House debates

Monday, 14 September 2015

Private Members' Business

Apprenticeships

12:23 pm

Photo of Sharon BirdSharon Bird (Cunningham, Australian Labor Party, Shadow Minister for Vocational Education) Share this | Hansard source

I have to say: I would not go to what the rates of loss were previously, because this is an unprecedented decrease in the number of apprentices and trainees. In particular, I would point out that the time period that I am talking about covers from the election of the government—that is, the September 2013 numbers, which were 417,700 in training. For the March quarter of this year, that has dropped to 319,700. That is almost a quarter of the number of apprentices and trainees in training that have been lost. And the reason that this is such a significant and indeed critical issue for both our economy and our communities is that that means that we are not putting in place the next pipeline of skilled people to take on the jobs that are emerging—and I am sure people in this house would know exactly what it is like trying to get a plumber or a tiler in the current environment. They are in very short supply, and we need to be training young people in order to meet those skills shortages. I of course would point out that apprentices and trainees cover a wide range of employment areas from hairdressing, plumbing, tiling to construction but also across areas where the trainees operate, in particular, in the services sector. And so we need to be getting the balance right to get the next generation trained.

The other reason it is so important to our communities is that we have this persistent high youth unemployment and, in particular, for many of our regional and rural areas. One of the most effective and important pathways for young people to get a start in the employment market is through the apprenticeship and traineeship system. I would call on Minister Birmingham to have a very urgent look at these figures and to go into bat for some additional funding. His portfolio has suffered a billion dollar cut in programs to support apprentices. I am sure members opposite are going to talk all about their new Australian apprenticeship network system and I would point out to them: it will replace the old apprenticeship centres and it will replace them with $10 million a year less than they previously had.

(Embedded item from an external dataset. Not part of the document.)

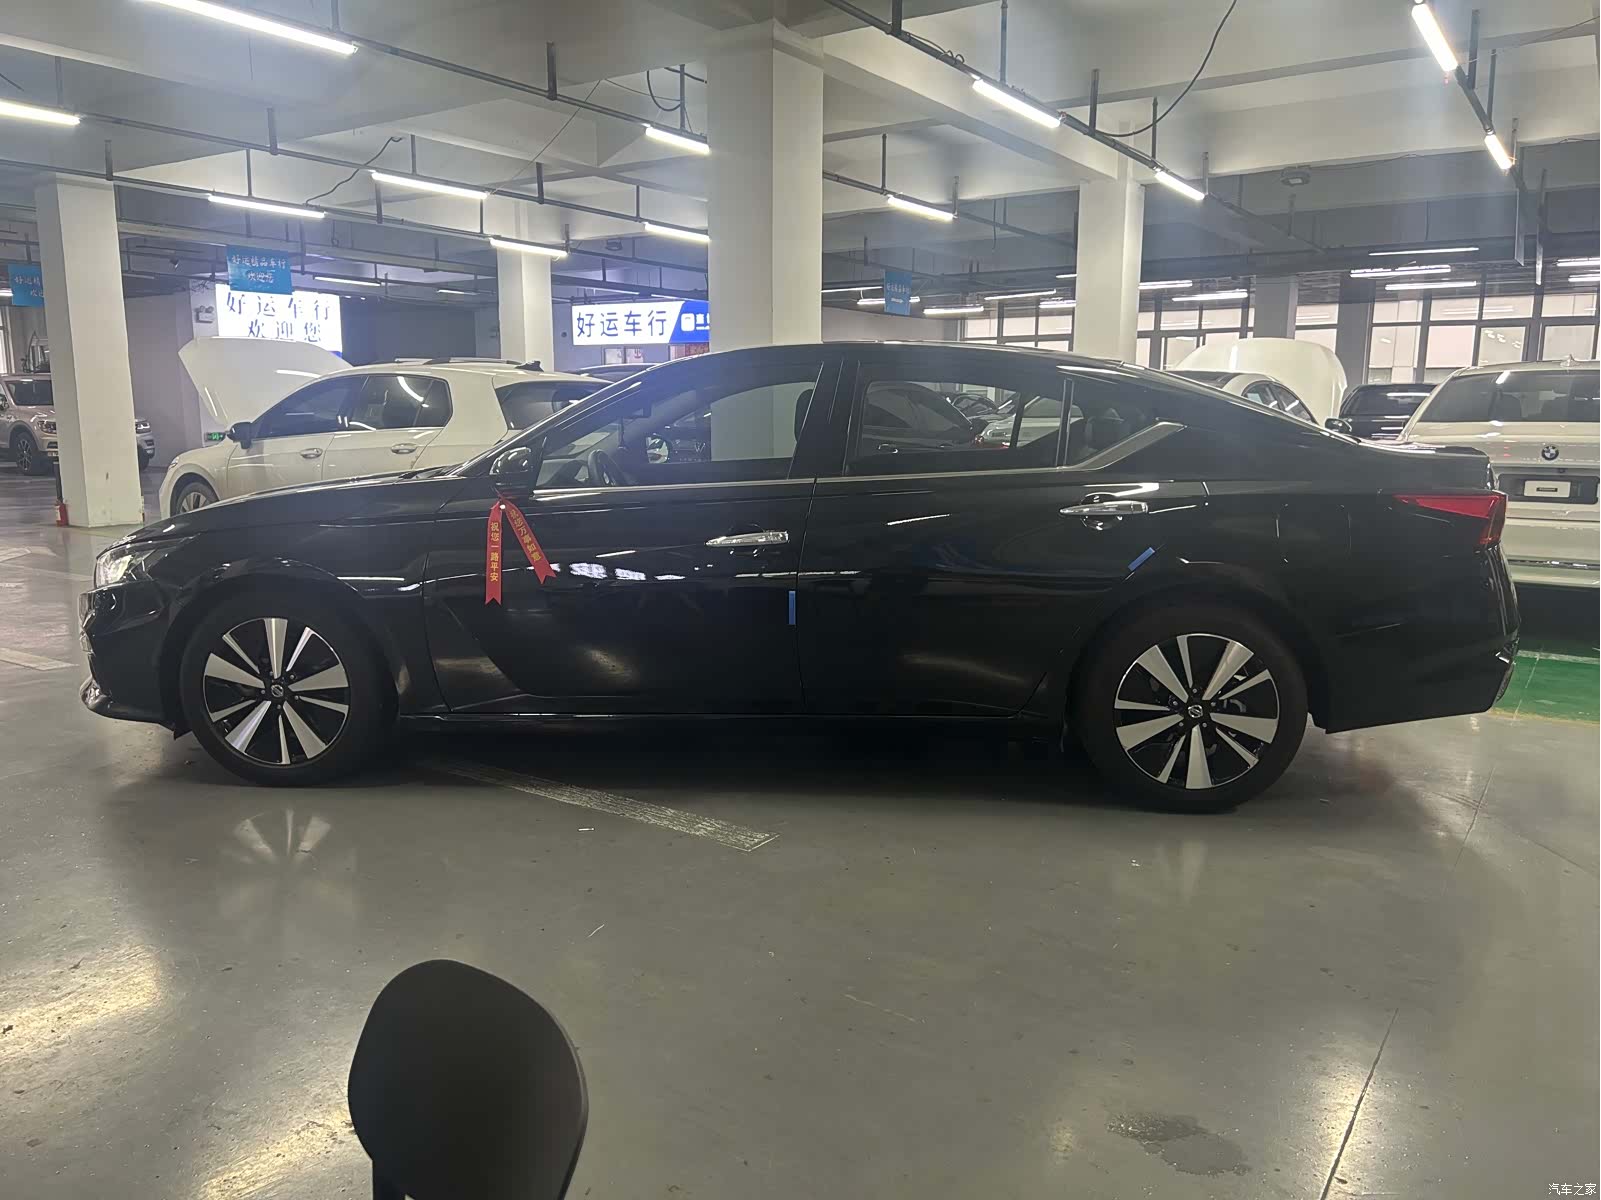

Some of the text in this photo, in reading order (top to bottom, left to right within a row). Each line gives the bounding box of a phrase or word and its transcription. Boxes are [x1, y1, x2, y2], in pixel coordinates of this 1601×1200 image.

The government is also asking the centres to do mentoring, to do job matching—jobs that were not done previously by the apprenticeship centres but under specific funded programs, which were cut. So not only are the networks having to do more work; they are having to do it with less money at a time when clearly there is a need to be getting behind the apprenticeship system and our young people getting that chance.

The Tools for Your Trade was cut—I hear complaints on this all over the place. There is a very low uptake of the trade support loans—only about 25,000 at last count, out of over 300,000 apprentices in training. So there is a real problem out there, and we need to take it seriously and take urgent action. The minister needs to give this his urgent attention. I have to say I have not heard him speak on apprentices and trainees at all. The government has taken its eye off the ball. If 'Sticking to Our Plan', which was the brochure that recently came out, is accurate, it is actually sticking it to apprentices. We need to do a much better job than that for our young people.